As for the HN angle: these are contrarian and objection-inspiring policies that let us wholesale video delivery to/through other CDNs while making a profit.
This doesn't make sense to me. I work for a CDN with tens of thousands of servers in over a hundred data centers. We are always working to improve our turnaround time on repairing servers, even though we have thousands. Hard drive failure is one of the leading causes of server failures. Dead servers means diminished capacity, and capacity is what pays our bills.
Farmers absolutely have a vet who takes care of the cattle. I am not sure what you are on about.
The whole point of cattle-vs-pets is you are supposed to treat all the servers the same, not that you have to treat all of them poorly.

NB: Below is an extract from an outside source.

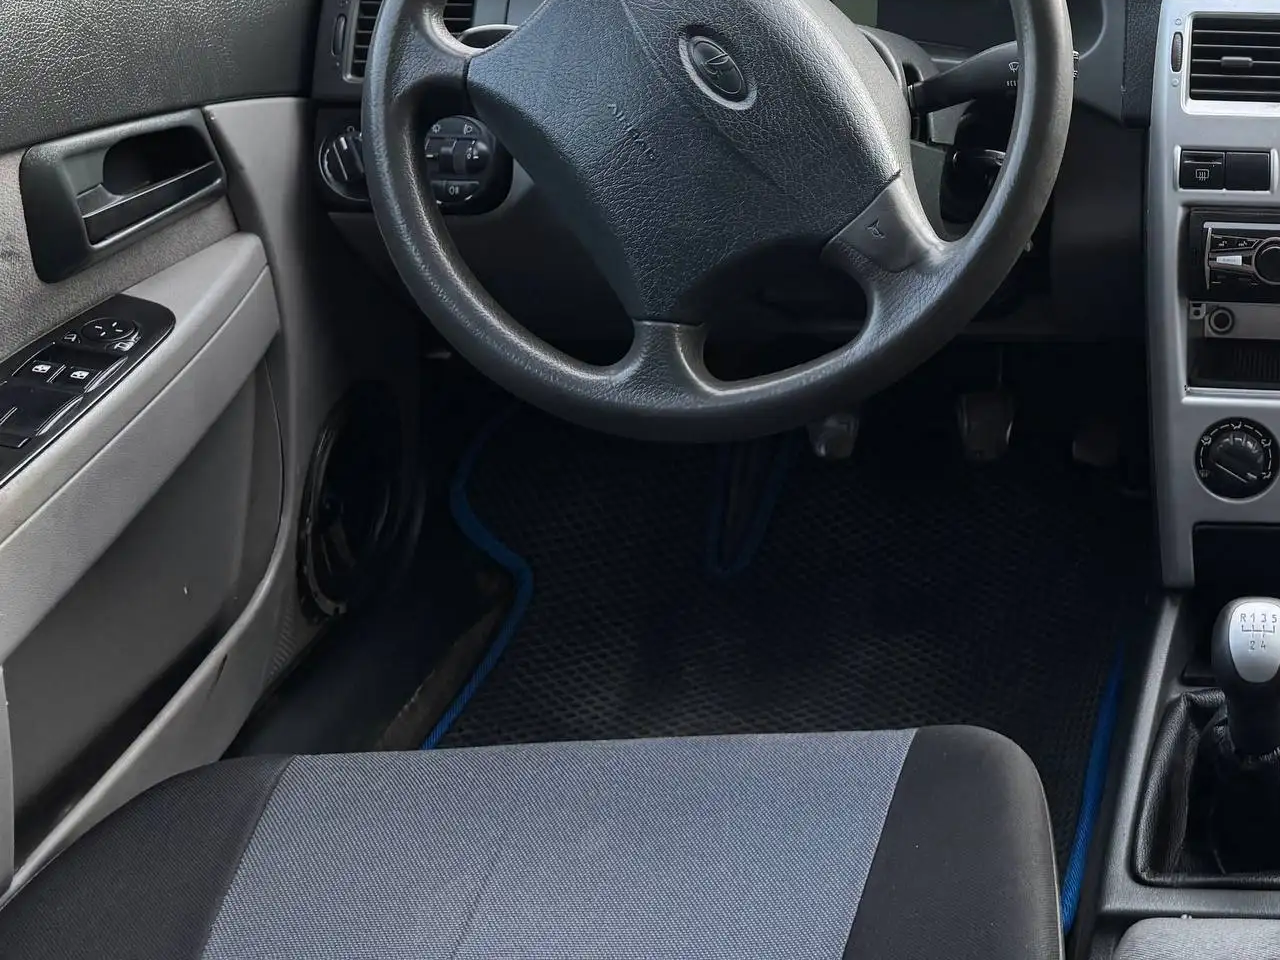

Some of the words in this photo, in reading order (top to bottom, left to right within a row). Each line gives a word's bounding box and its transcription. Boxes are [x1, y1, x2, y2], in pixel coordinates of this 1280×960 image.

[1240, 613, 1246, 622] R
[1261, 613, 1267, 623] 3
[1272, 614, 1277, 623] 5
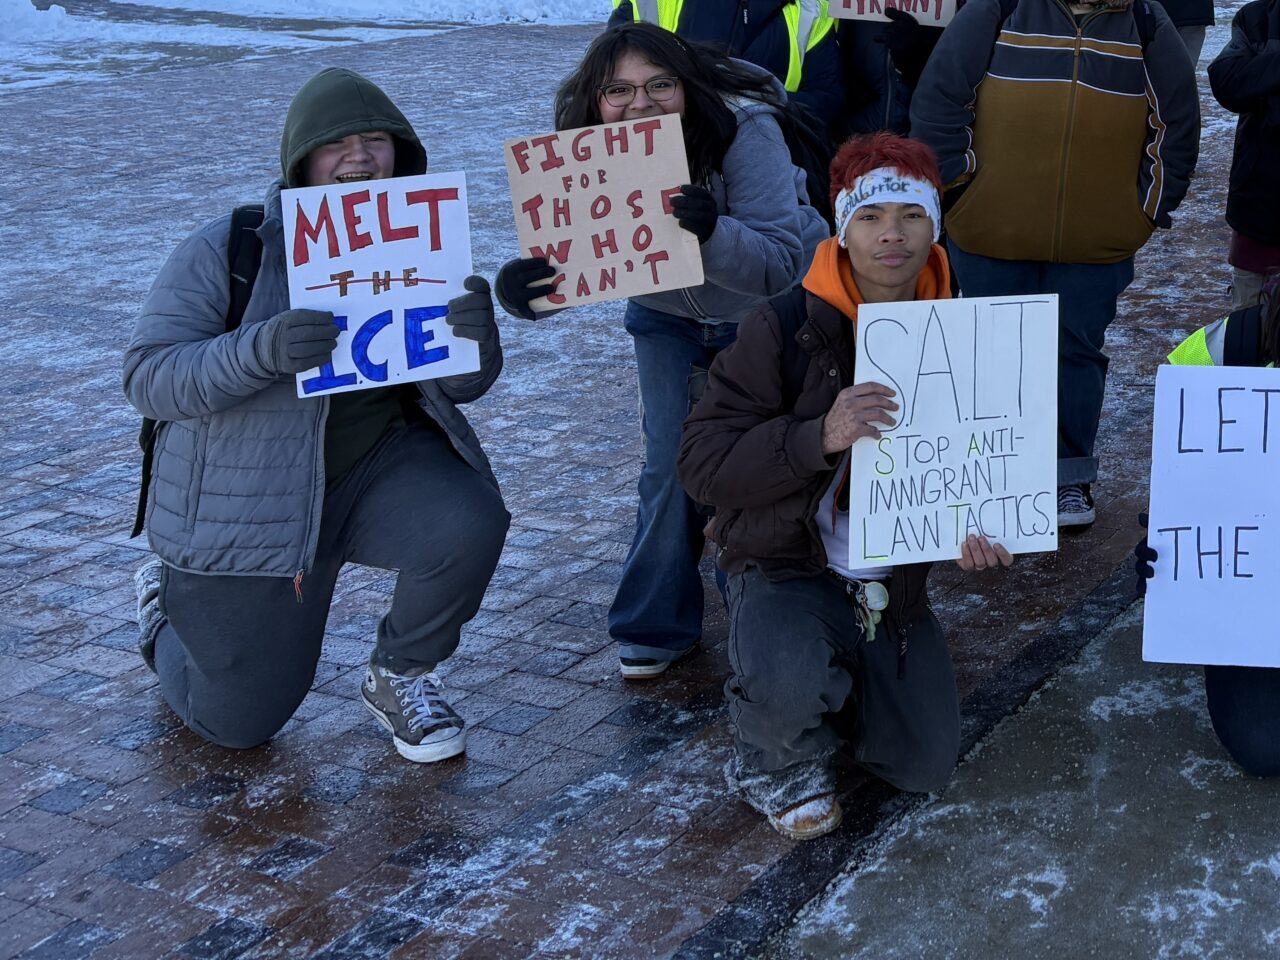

Another contrarian view — particuarly suitable for large VDN content like media, not small CDN content like html/js — is that one doesn’t need to be in over a hundred data centers, one needs to be in the key exchanges: you don’t have to be at the ends of every spoke if you pick the right hubs.
Agree swapping bad drives is a reasonable use of smart hands when done in batches, as no diagnosis is needed. I’d advocate considering extending that practice to the servers themselves. Math works if you find local tech repo/refurb shops that take gear (w/o drives) to bulk refurb & resell. The other way is to get your OEM to provide aliveness-as-a-service.
Anything so you don’t have to do manual labor, ideally ever.